Duration of the operation
The duration of the operation when using an inverse shoulder prosthesis is not always the same; it also depends, among other things, on the extent of the damage to the shoulder joint and the patient's anatomy. On average, one to two hours of operation time should be expected. General anesthesia are suitable as an anesthetic form for this period, but partial anesthesia (regional anesthesia in which only the shoulder and arm are anesthetized) is possible and safe.
Complications / risks
When using an inverse shoulder prosthesis, the same risks apply as with shoulder prostheses in general:
During the operation:
- Vascular and nerve injuries
- low risk of injuring surrounding structures in the operating area (e.g. broken bones)
After the operation:
- Bleeding and wound healing disorders
- Slipping of the prosthesis (dislocation)
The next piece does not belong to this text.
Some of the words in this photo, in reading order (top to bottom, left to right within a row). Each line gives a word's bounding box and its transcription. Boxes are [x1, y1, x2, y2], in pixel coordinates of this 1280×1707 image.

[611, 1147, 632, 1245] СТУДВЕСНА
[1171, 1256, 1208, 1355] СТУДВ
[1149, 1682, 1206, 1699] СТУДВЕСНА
- Loosening of the prosthesis
Other general but rare risks:
- Nerve damage
In addition, the inverse shoulder prosthesis, like any other artificial joint, can loosen after a few years. In addition, the shoulder prosthesis, like the previous natural joint, can also dislocate. Falls on the shoulder, especially in older patients, can cause the prosthesis to break out.
How long does a shoulder prosthesis last?
The lifespan of a shoulder prosthesis cannot be given across the board, as it depends on the one hand on the prosthesis model and prosthesis material and on the other hand on the degree of damage to the shoulder joint itself.
On average, however, it can be assumed that the prosthesis material will last 10 years or more. This also means that the use of a prosthesis - if it is medically justifiable - should be waited for as long as possible in order to avoid repeated or even multiple changes of material in repeated surgical interventions.
The advantages of an inverse shoulder prosthesis are:
- the very good therapy option for seriously ill shoulder joints.
- a worn shoulder joint (arthrosis) and an inoperative rotator cuff can be treated
- Existing pain can often be well contained by the operation
- Moving the arm forward is usually well restored
- In addition, no initial screwing, plating or nailing is necessary in the event of a massive fracture of the humerus head
In most cases, the weakness of the rotational movement remains as it was before the operation. An additional muscle transfer may improve this in the future. In addition, this implant is a large prosthesis, which has to be removed after 10 to 20 years if it becomes loose. In this case, the revision interventions are often very complex and the implantation of a new prosthesis is often no longer possible, so that the function of the shoulder joint may be lost.
The follow-up treatment time strongly depends on the time of the operation. If this is done early, the muscles and tendons can be spared when the prosthesis is installed. Then in some cases the shoulder can be slowly exercised again after 1 to 2 weeks under physiotherapeutic guidance. If the operation is waited too long, most of the tendons and muscles often have to be removed as well. Then post-operative immobilization in the Gilchrist bandage for 6 weeks is not uncommon.
The inverse shoulder prosthesis offers the possibility of restoring the function of shoulder joint wear in combination with an inability to function of the rotator cuff.
By reversing the natural joint construction, the center of rotation of the shoulder is shifted downwards and inwards. This means that only the deltoid muscle is required for movement, the rotator cuff muscles become unnecessary. This operation can particularly reduce pain in the shoulder joint. Likewise, the forward mobility of the arm is often not restricted. In many cases, however, the rotational movements are no longer possible. In addition to the usual complications during an operation, the prosthesis can loosen or break out.
If the prosthesis has to be removed after one to two decades, this is often a massive revision surgery and in many cases a complete loss of function of the shoulder joint. With early therapy, follow-up treatment can be started after one to two weeks; if the operation is complicated, consistent immobilization is necessary for up to 6 weeks.